▶ _What is required_:
A verbatim copy of the full data, with no pictures, is the expected answer.

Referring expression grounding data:
****************
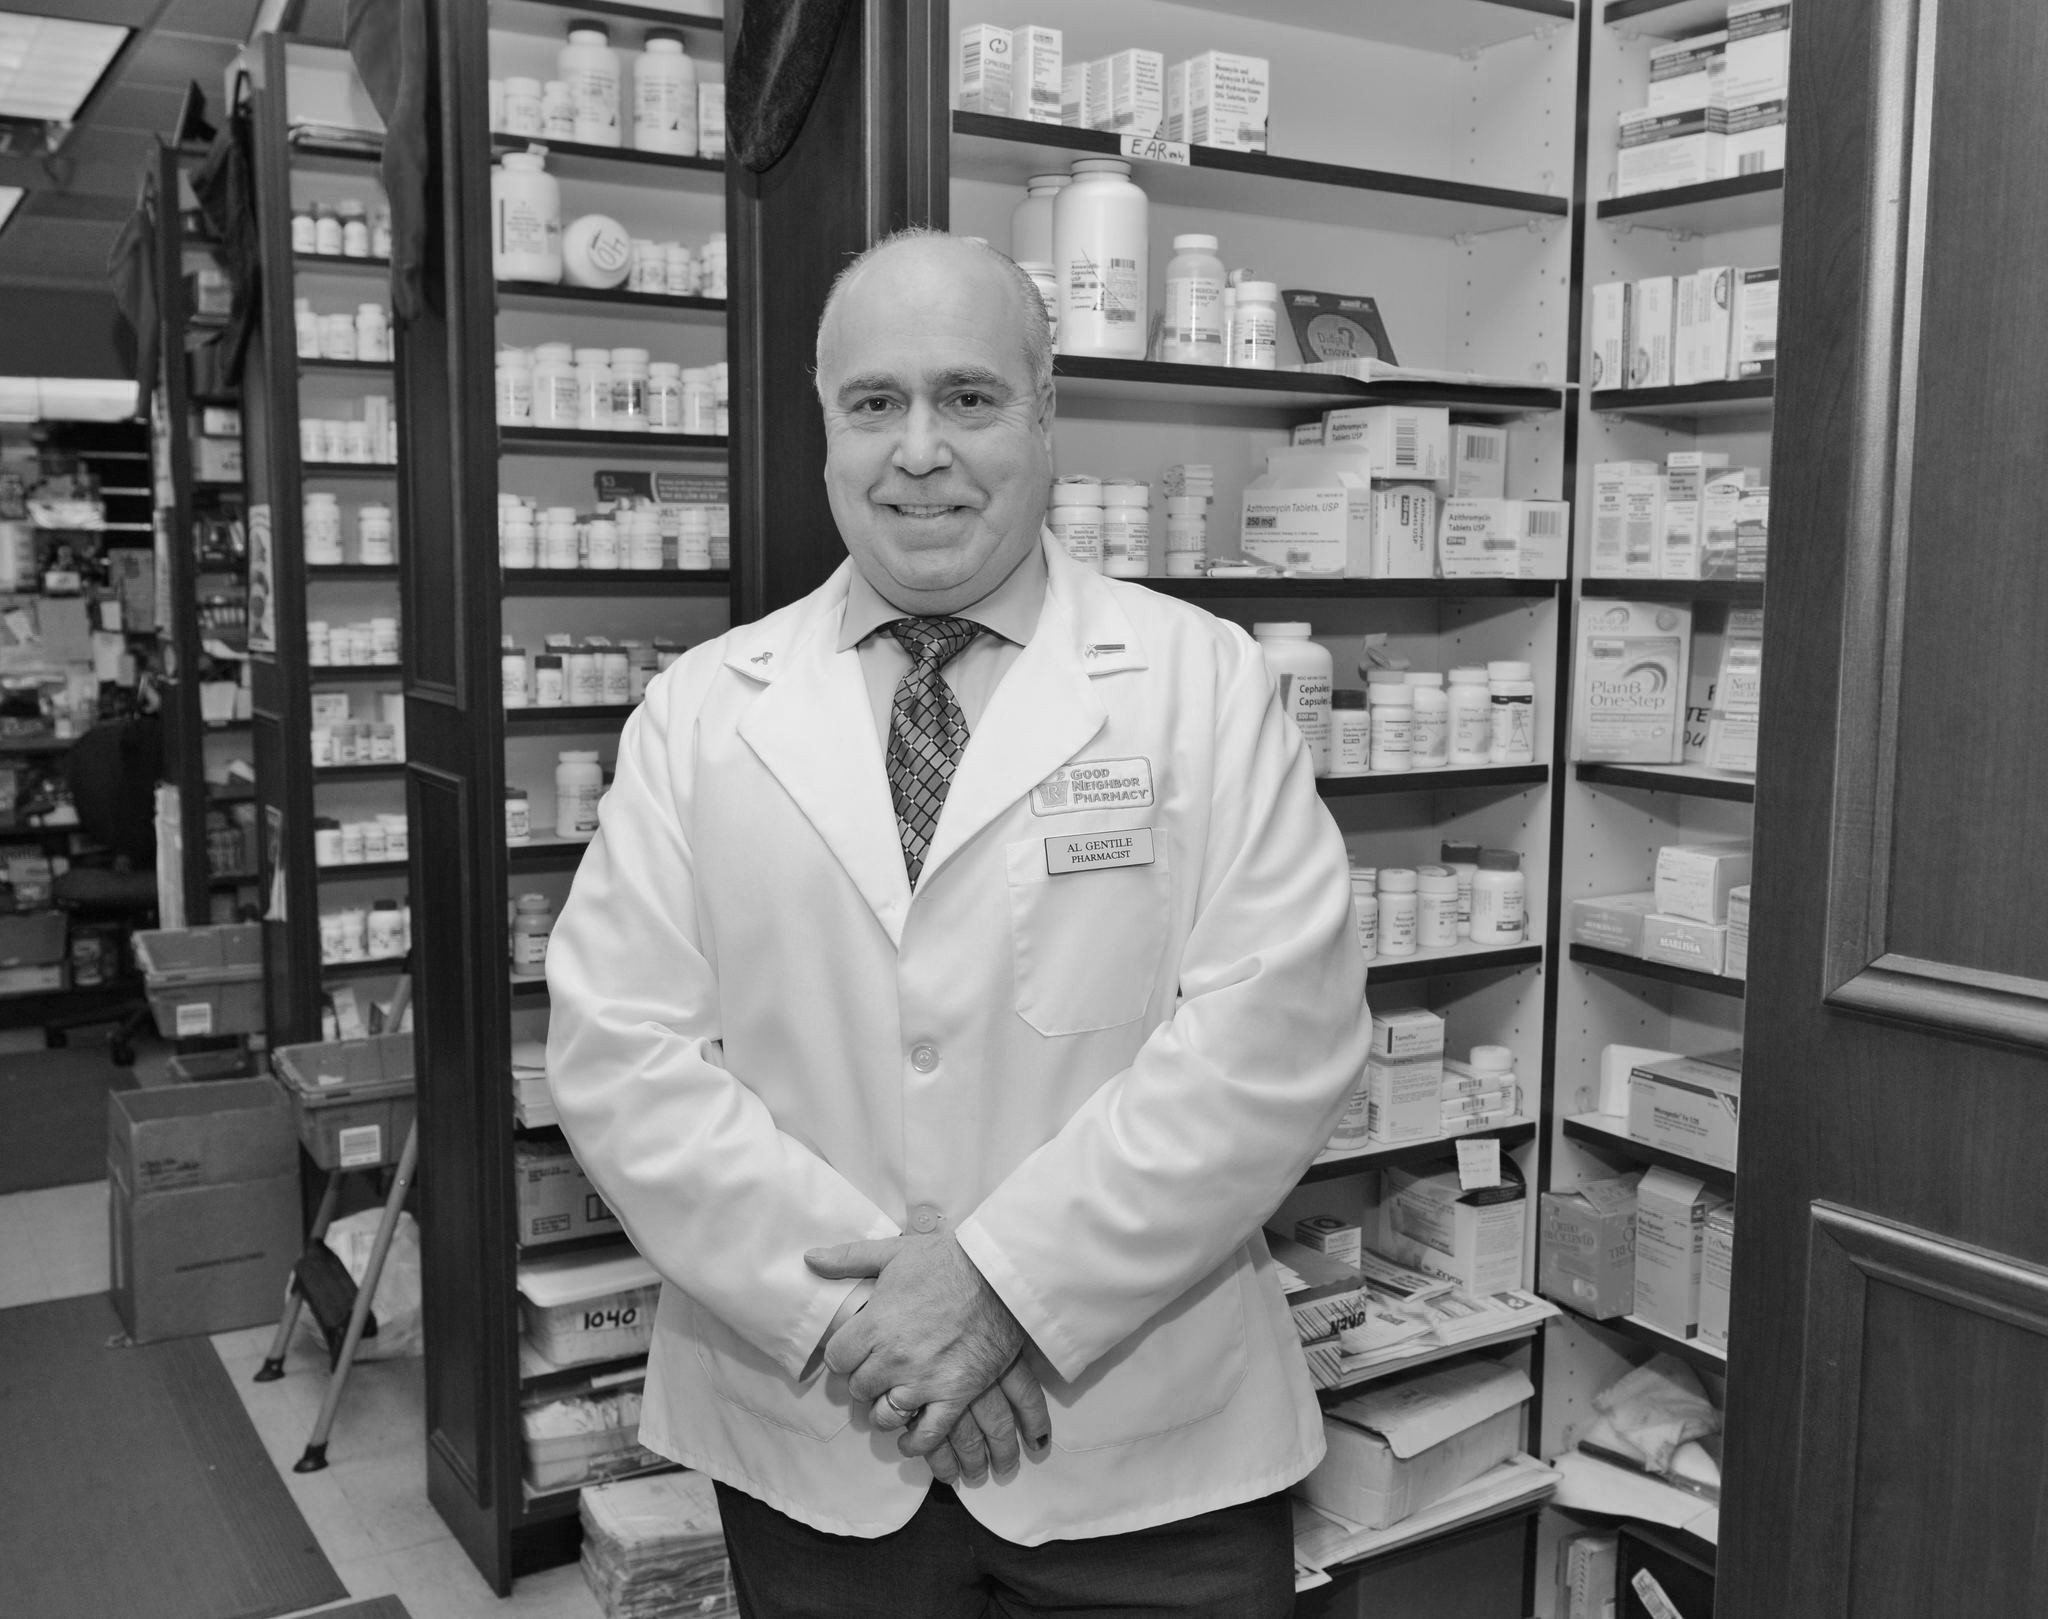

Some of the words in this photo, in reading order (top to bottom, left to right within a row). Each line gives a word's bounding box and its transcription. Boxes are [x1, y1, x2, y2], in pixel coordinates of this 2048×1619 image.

[1131, 139, 1168, 160] EAR
[1246, 504, 1290, 514] Azithromycin
[1322, 502, 1340, 512] USP
[1449, 513, 1491, 522] Azithromycin
[1449, 523, 1472, 532] Tablets
[1590, 695, 1665, 710] One-Step
[1070, 768, 1110, 780] GOOD
[1071, 777, 1140, 792] NEIGHBOR
[1073, 789, 1149, 804] PHARMACY
[1067, 843, 1082, 852] AL
[1085, 838, 1133, 851] GENTILE
[1071, 850, 1131, 863] PHARMACIST
[584, 1307, 637, 1330] 1040
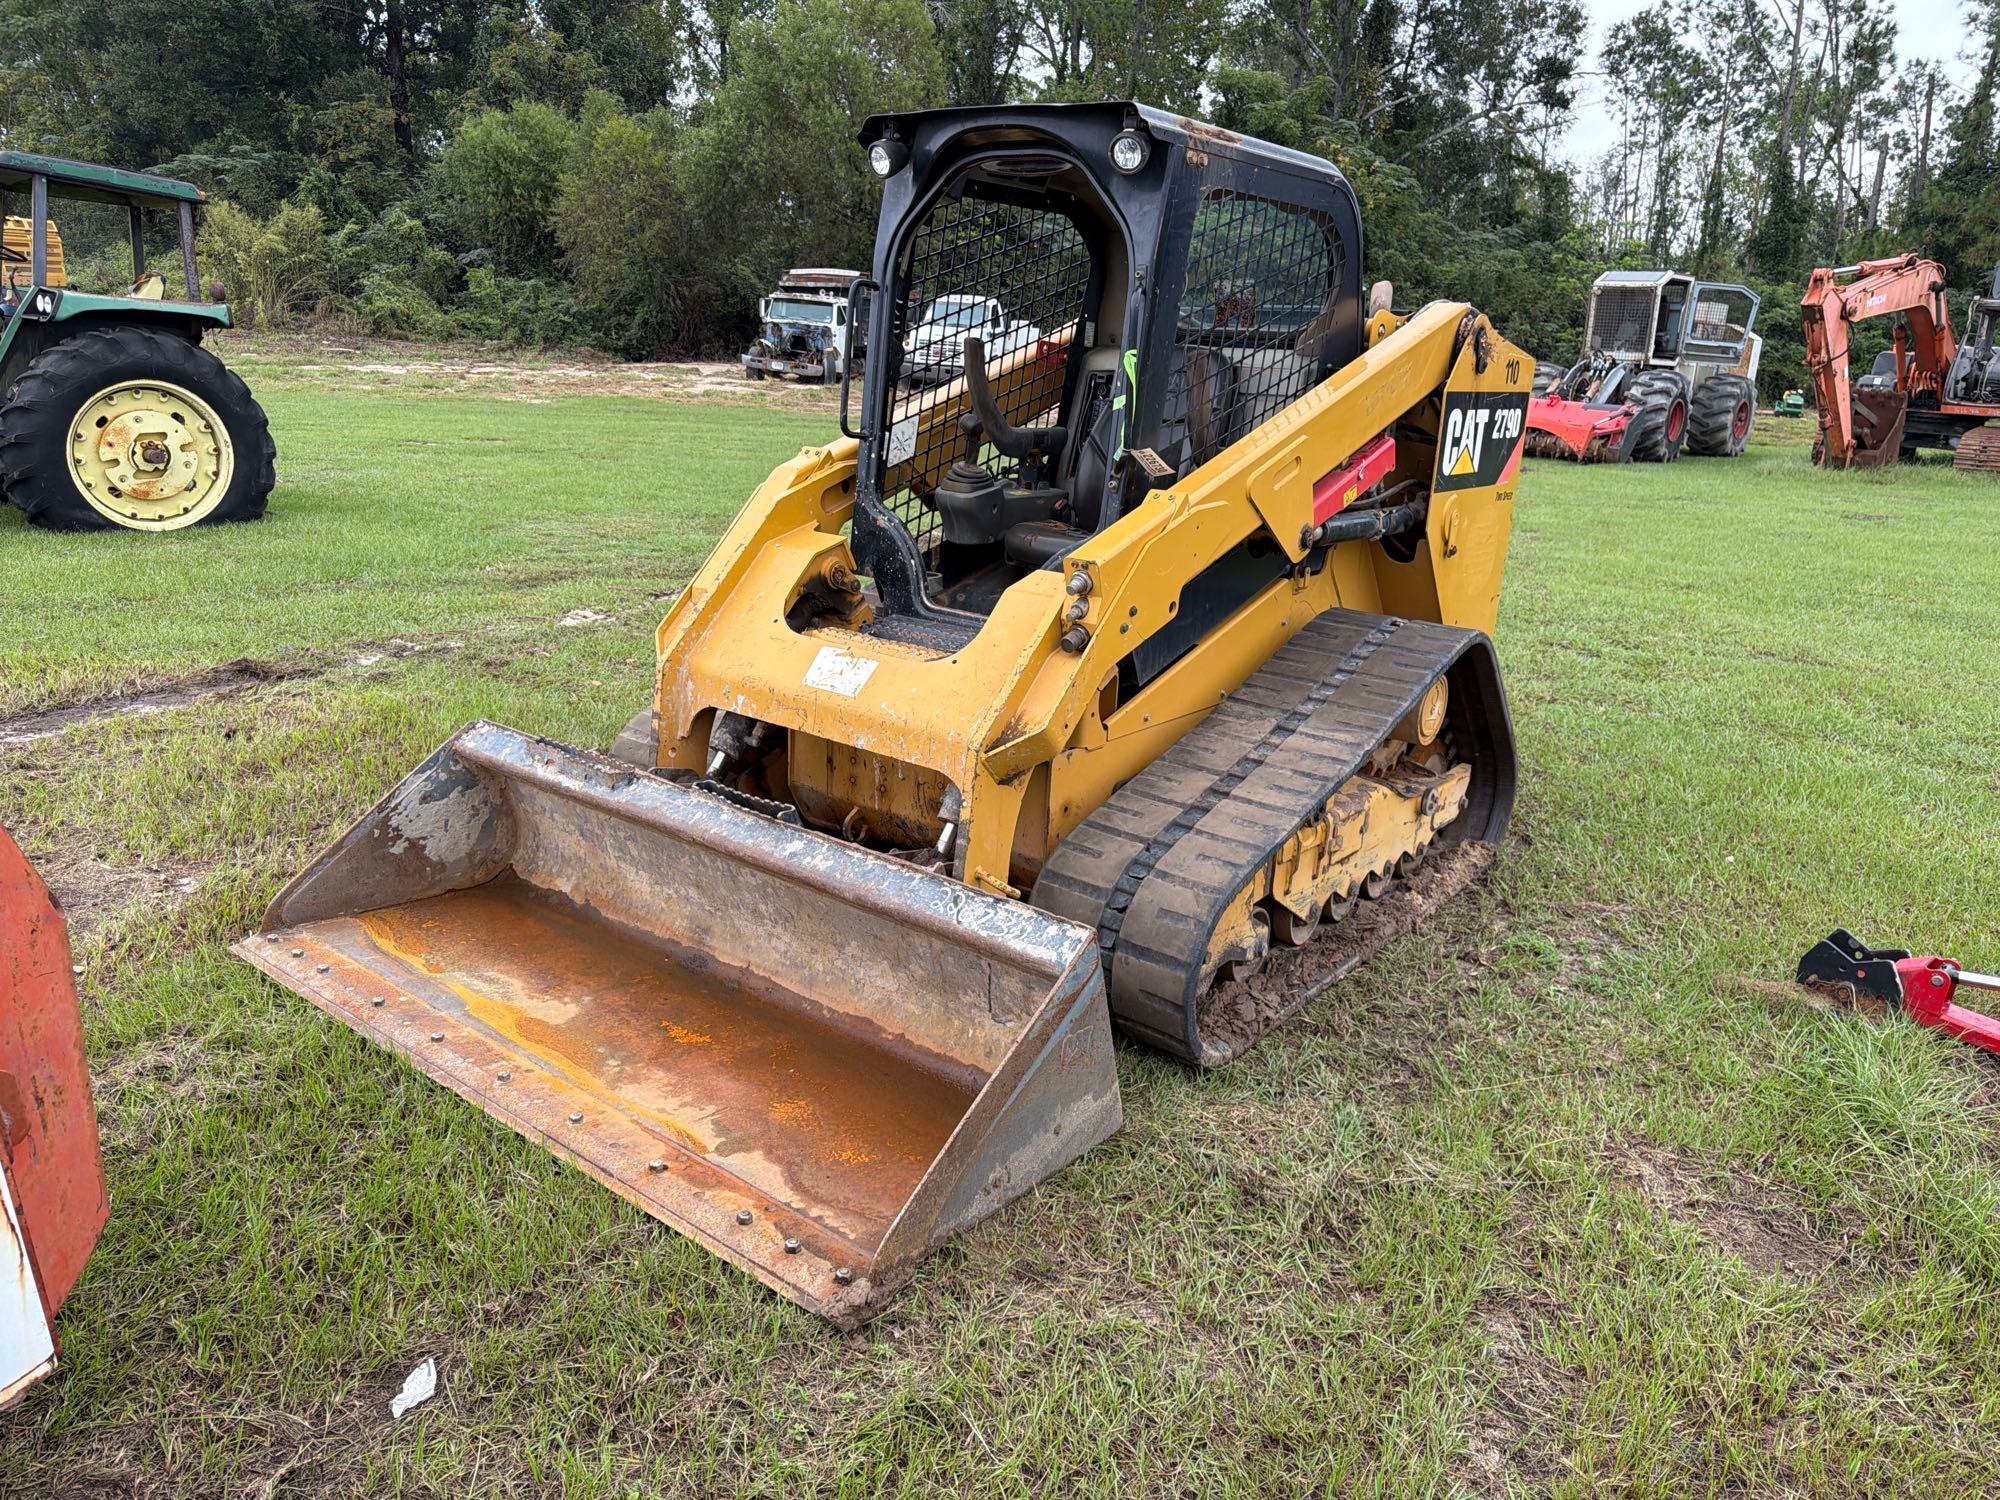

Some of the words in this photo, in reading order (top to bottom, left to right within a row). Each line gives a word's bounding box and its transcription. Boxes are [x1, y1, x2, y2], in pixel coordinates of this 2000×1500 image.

[1505, 358, 1520, 385] 110
[1442, 408, 1490, 477] CAT
[1492, 408, 1522, 439] 279D
****************
▶ _Answer box_:
Some of the words in this photo, in reading order (top to bottom, left to right within a row). Each line gives a word's bounding box and its transcription. Boxes are [x1, y1, x2, y2], in pixel coordinates of this 2048×1619 image.

[1131, 139, 1168, 160] EAR
[1246, 504, 1290, 514] Azithromycin
[1322, 502, 1340, 512] USP
[1449, 513, 1491, 522] Azithromycin
[1449, 523, 1472, 532] Tablets
[1590, 695, 1665, 710] One-Step
[1070, 768, 1110, 780] GOOD
[1071, 777, 1140, 792] NEIGHBOR
[1073, 789, 1149, 804] PHARMACY
[1067, 843, 1082, 852] AL
[1085, 838, 1133, 851] GENTILE
[1071, 850, 1131, 863] PHARMACIST
[584, 1307, 637, 1330] 1040

Some of the words in this photo, in reading order (top to bottom, left to right within a row). Each line gives a word's bounding box and its transcription. Boxes are [x1, y1, x2, y2], in pixel coordinates of this 2000×1500 image.

[1505, 358, 1520, 385] 110
[1442, 408, 1490, 477] CAT
[1492, 408, 1522, 439] 279D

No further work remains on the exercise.